The research activities have been supported by FP7 and HORIZON 2020 (7), PORTUGAL 2020 (1), FCT (3) and bilateral projects (1), as well as by research contracts (5) with National and International companies. There was also an important participation in European Union Technology Platforms and Networks, namely MELODI, EURADOS, NERIS and EURAMET, as well as COST ACTIONs.
The team participated and organized international and national conferences and workshops (2) and short training courses (2). One of these workshops was sponsored by the IAEA and addressed cross-cutting and leading edge scientific issues on nuclear molecular imaging.
The Master´s course on Radiological Protection and Safety (IST) led by researchers from the RSHP thematic strand was launched, being the first of a kind in Portugal. Other teaching activities involving the TS researchers encompassed courses and lectures at the 1st, 2nd and 3rd cycles at the Universidade de Lisboa (Physics and Bioengineering Departments of IST, Faculty of Medicine, Faculty of Pharmacy), at Universidade Nova de Lisboa and at the Instituto Politécnico de Lisboa (ESTeSL). These included as well the PhD programs MedChemTrain and RABBIT.
The following major achievements in 2016 are highlighted.

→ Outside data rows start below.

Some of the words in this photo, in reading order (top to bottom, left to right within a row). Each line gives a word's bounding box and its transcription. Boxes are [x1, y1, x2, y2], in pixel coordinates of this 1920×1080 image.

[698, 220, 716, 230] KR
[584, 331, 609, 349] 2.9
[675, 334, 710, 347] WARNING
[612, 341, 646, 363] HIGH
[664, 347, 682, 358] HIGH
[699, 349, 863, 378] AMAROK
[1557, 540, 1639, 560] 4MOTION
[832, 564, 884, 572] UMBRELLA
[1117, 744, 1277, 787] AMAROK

The biological effects of high-LET particles, namely Auger electrons and a particles, in tumor cells were studied with g-H2AX and micronuclei assays, using Auger-emitting 99mTc/125I compounds and boron neutron capture (BNC) reactions with boron-rich compounds. The 99mTc- and 125I-labeled molecules induced DNA damage that was dependent on the nature of the Auger emitter and proximity of the radioisotope to the DNA center. Relevant DNA damage was found for the alpha and Li ions resulting from the B(n,a) reaction with a biological response to thermal neutrons more lethal for the cells treated with boron-rich compounds when compared to untreated controls.

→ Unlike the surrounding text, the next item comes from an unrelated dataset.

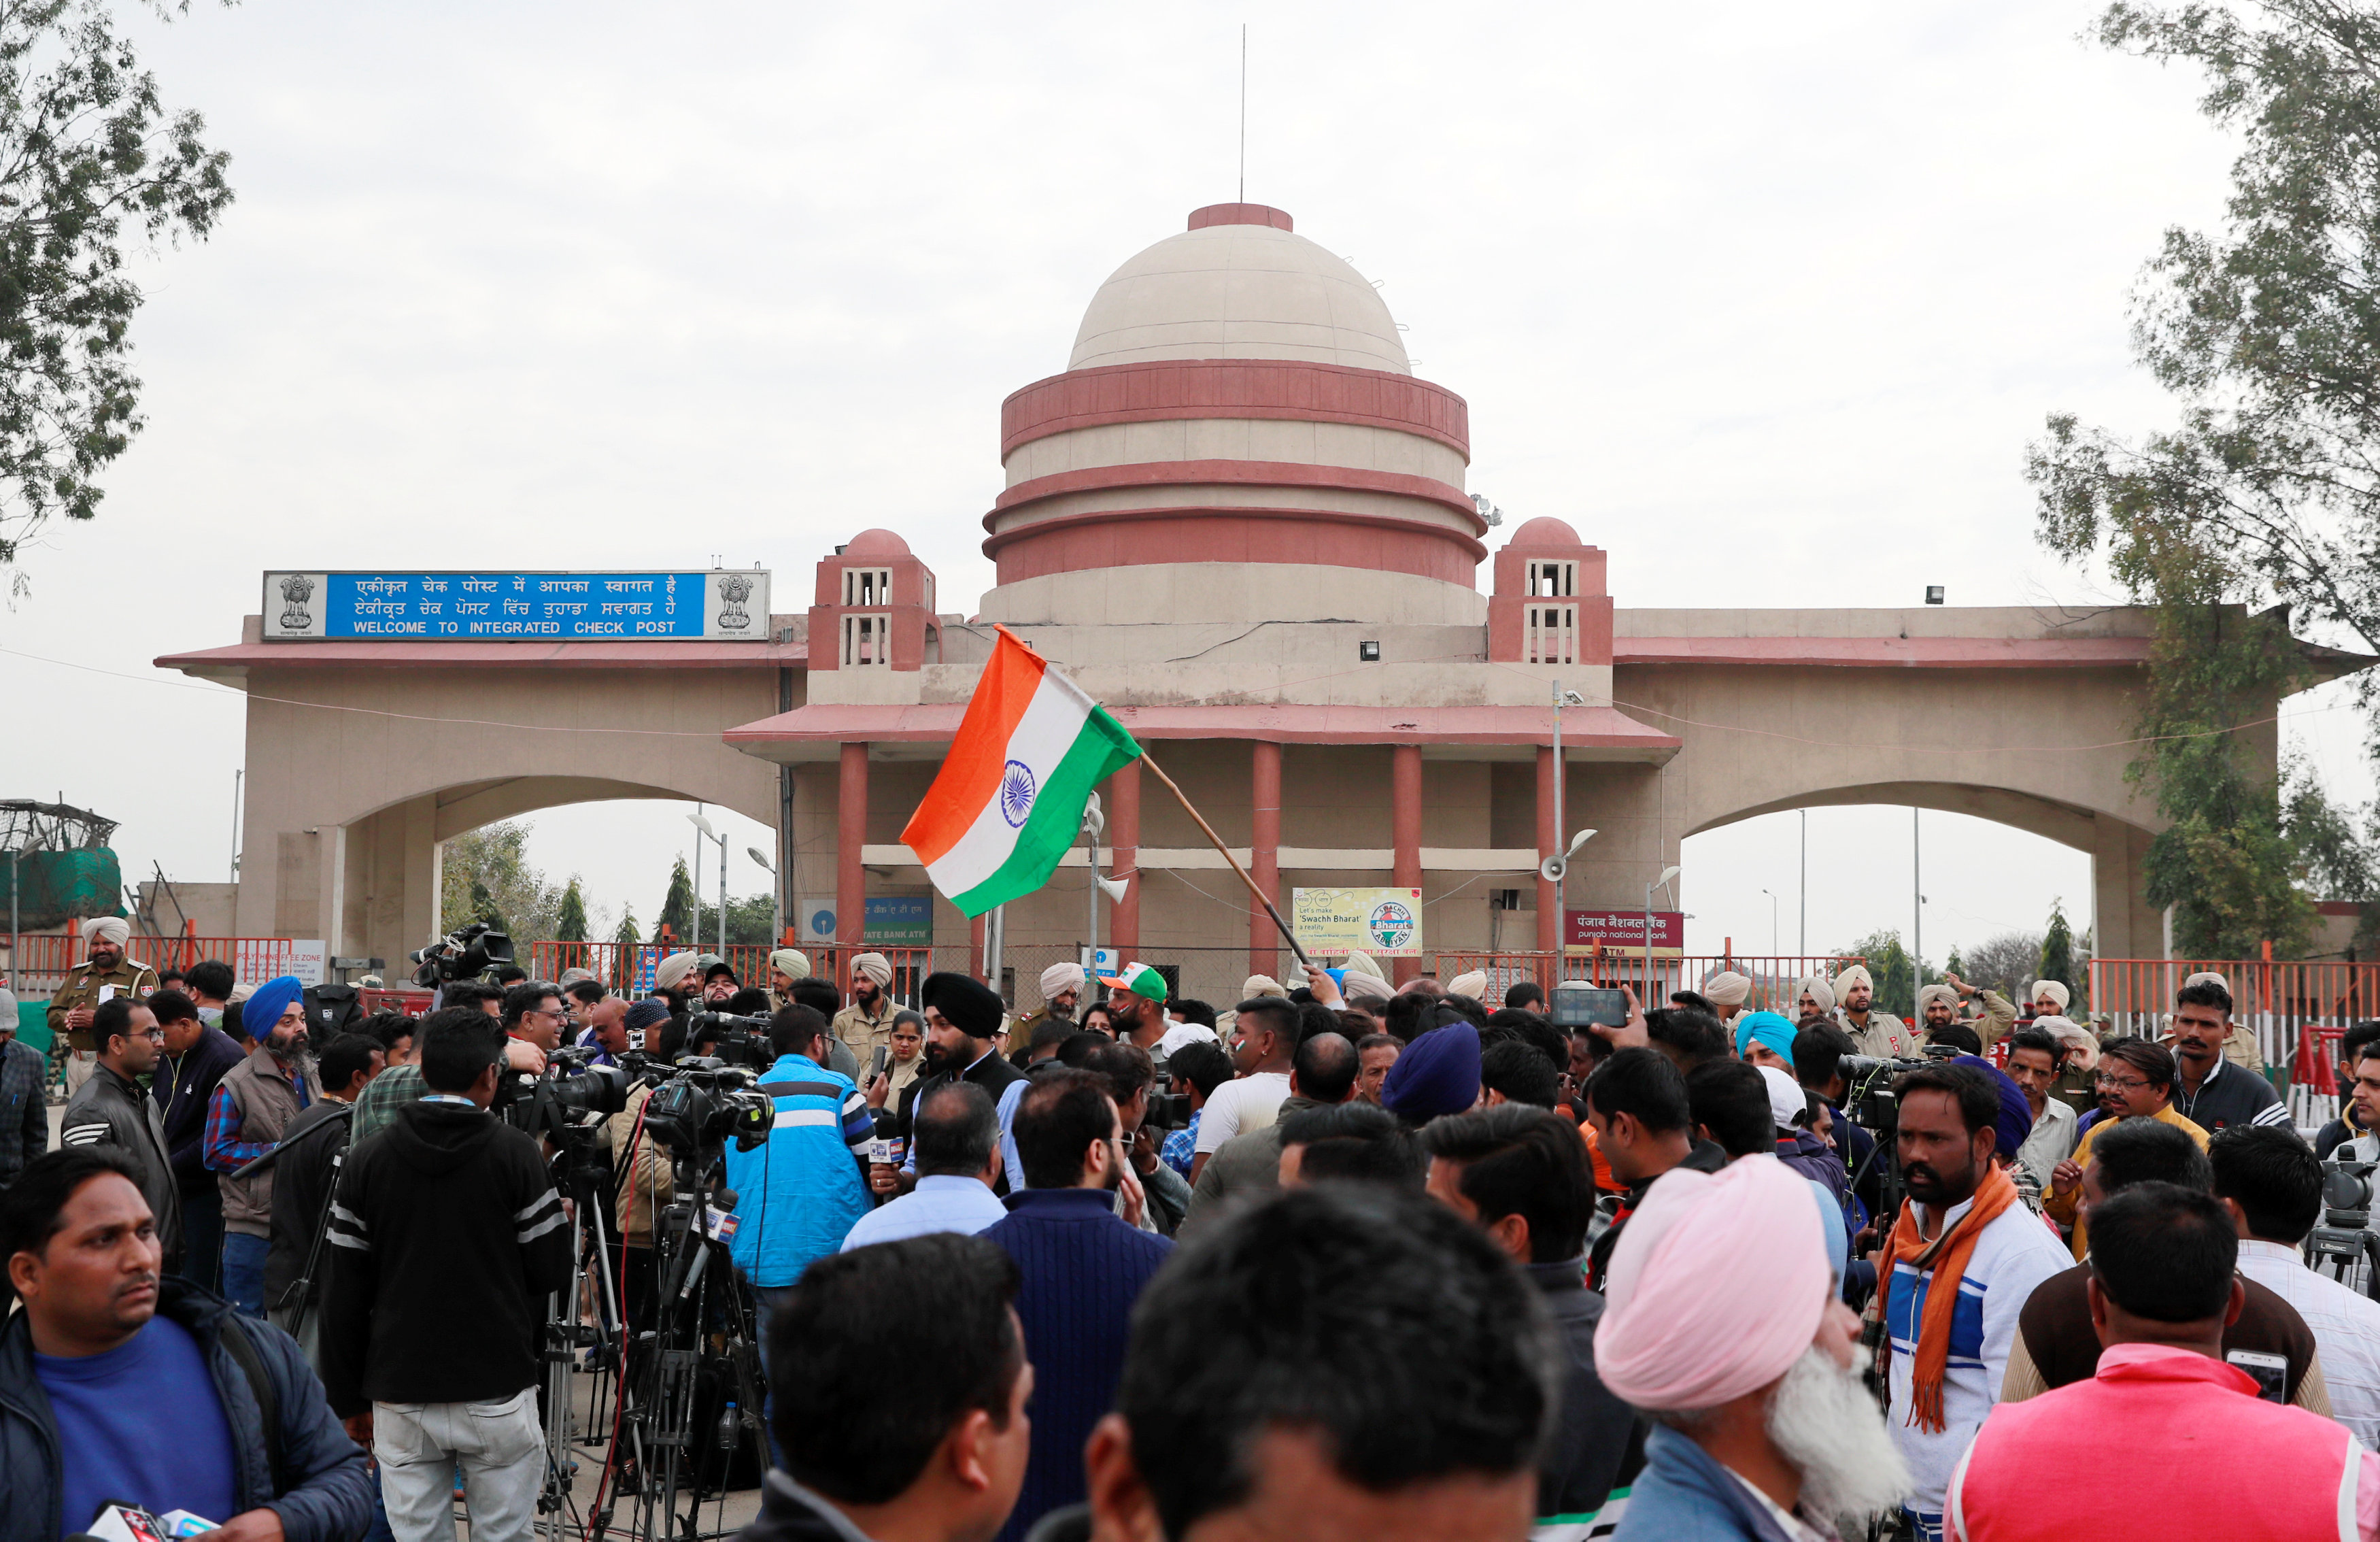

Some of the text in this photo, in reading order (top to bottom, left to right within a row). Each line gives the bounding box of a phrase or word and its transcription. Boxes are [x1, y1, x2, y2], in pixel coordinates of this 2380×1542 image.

Breast cancer (BC) is a leading cause of cancer death in women. The estrogen receptor (ER) status is a well-established biomarker for BC prognosis and treatment planning. Despite the enhancement of survival rate, more effective functional imaging/therapy tools are still needed. Small peptides with recognized ER binding affinity have been radiolabelled with different radionuclides with theranostic potential. The novel radiopeptides kept their original ER binding affinity, internalized in the nucleus of cancer cells and are taken up by ER-rich organs. Such favourable biological features suggest their usefulness for SPECT/PET imaging and peptide receptor radionuclide therapy (PRRT) of breast cancer.

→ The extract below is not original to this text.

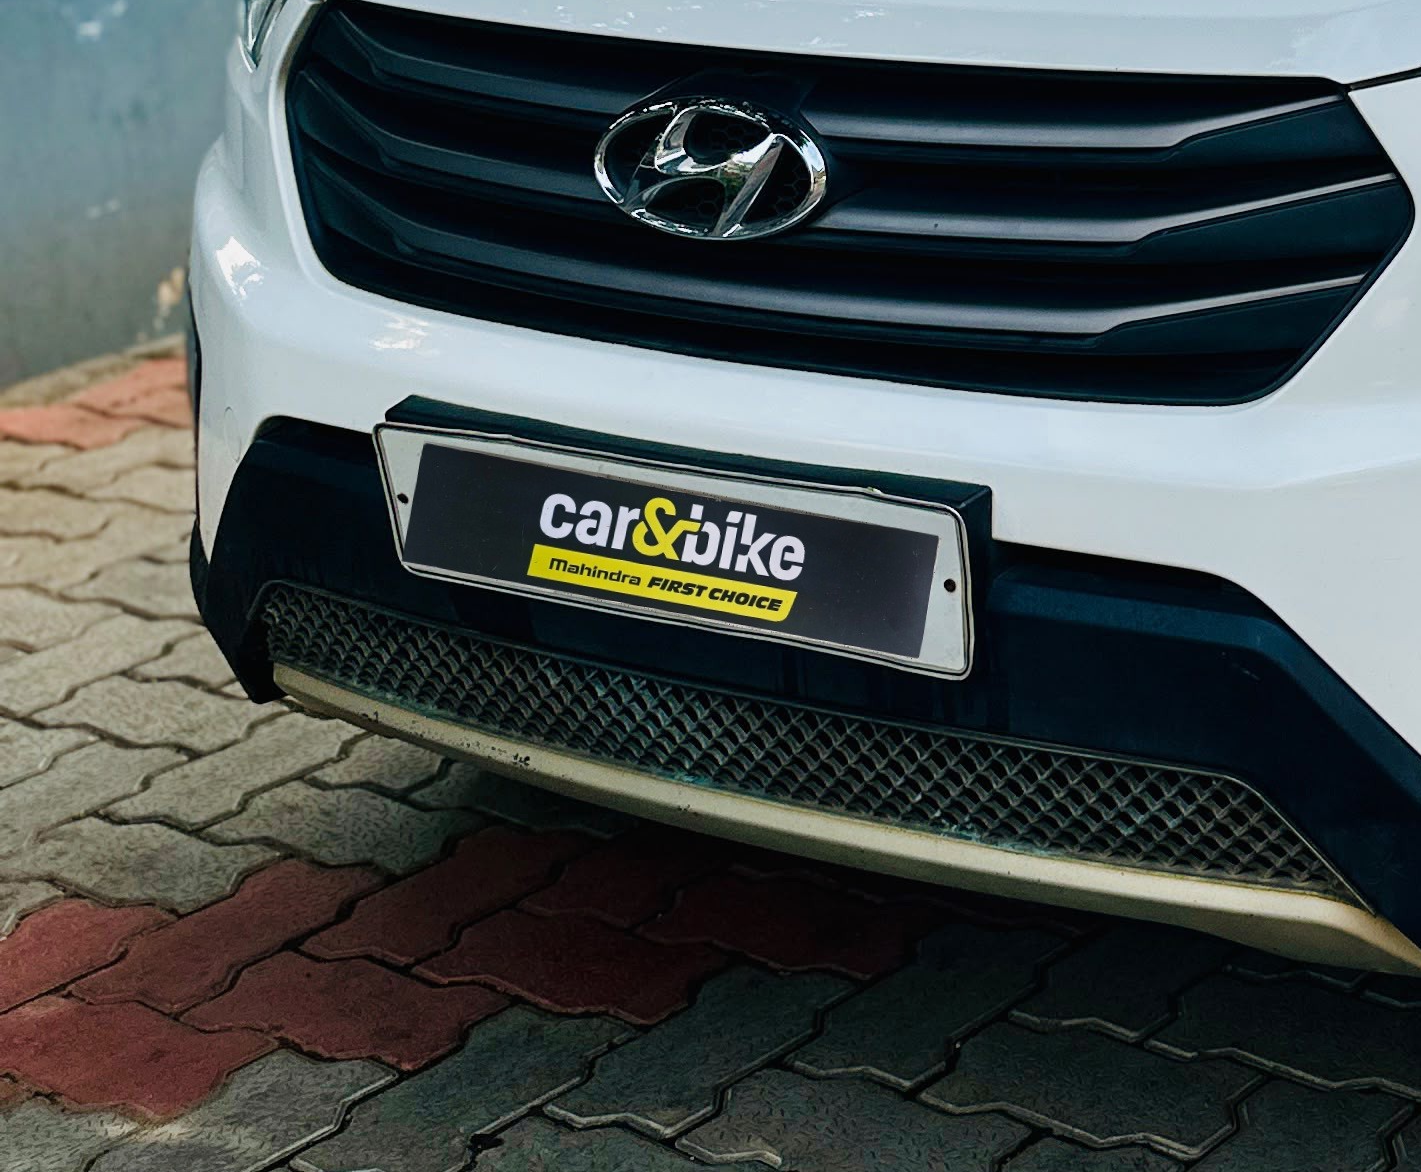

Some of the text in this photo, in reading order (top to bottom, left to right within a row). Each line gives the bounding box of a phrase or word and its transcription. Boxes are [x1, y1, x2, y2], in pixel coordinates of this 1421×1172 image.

[539, 493, 806, 581] car&bike
[549, 558, 783, 612] Mahindra FIRST CHOICE

CBCT enables imaging of target tissues at the linear accelerator during the pre-treatment verification of patients undergoing Image Guided Radiation Therapy (IGRT). However, CBCT may lead to high cumulative dose to tissues outside the radiation therapy exposure field. To address this issue, a CBCT system was successfully modelled using MCNPX simulations and validated in a clinical environment with the collaboration of Fundação Champalimaud. The isocenter of the system was set at Golem’s (voxel phantom) hypophysis to simulate a Head CBCT scan acquisition for brain tumor location. The isodose curves showed how the Entrance Skin Dose (ESD) is distributed along the clinically selected field of view (FOV).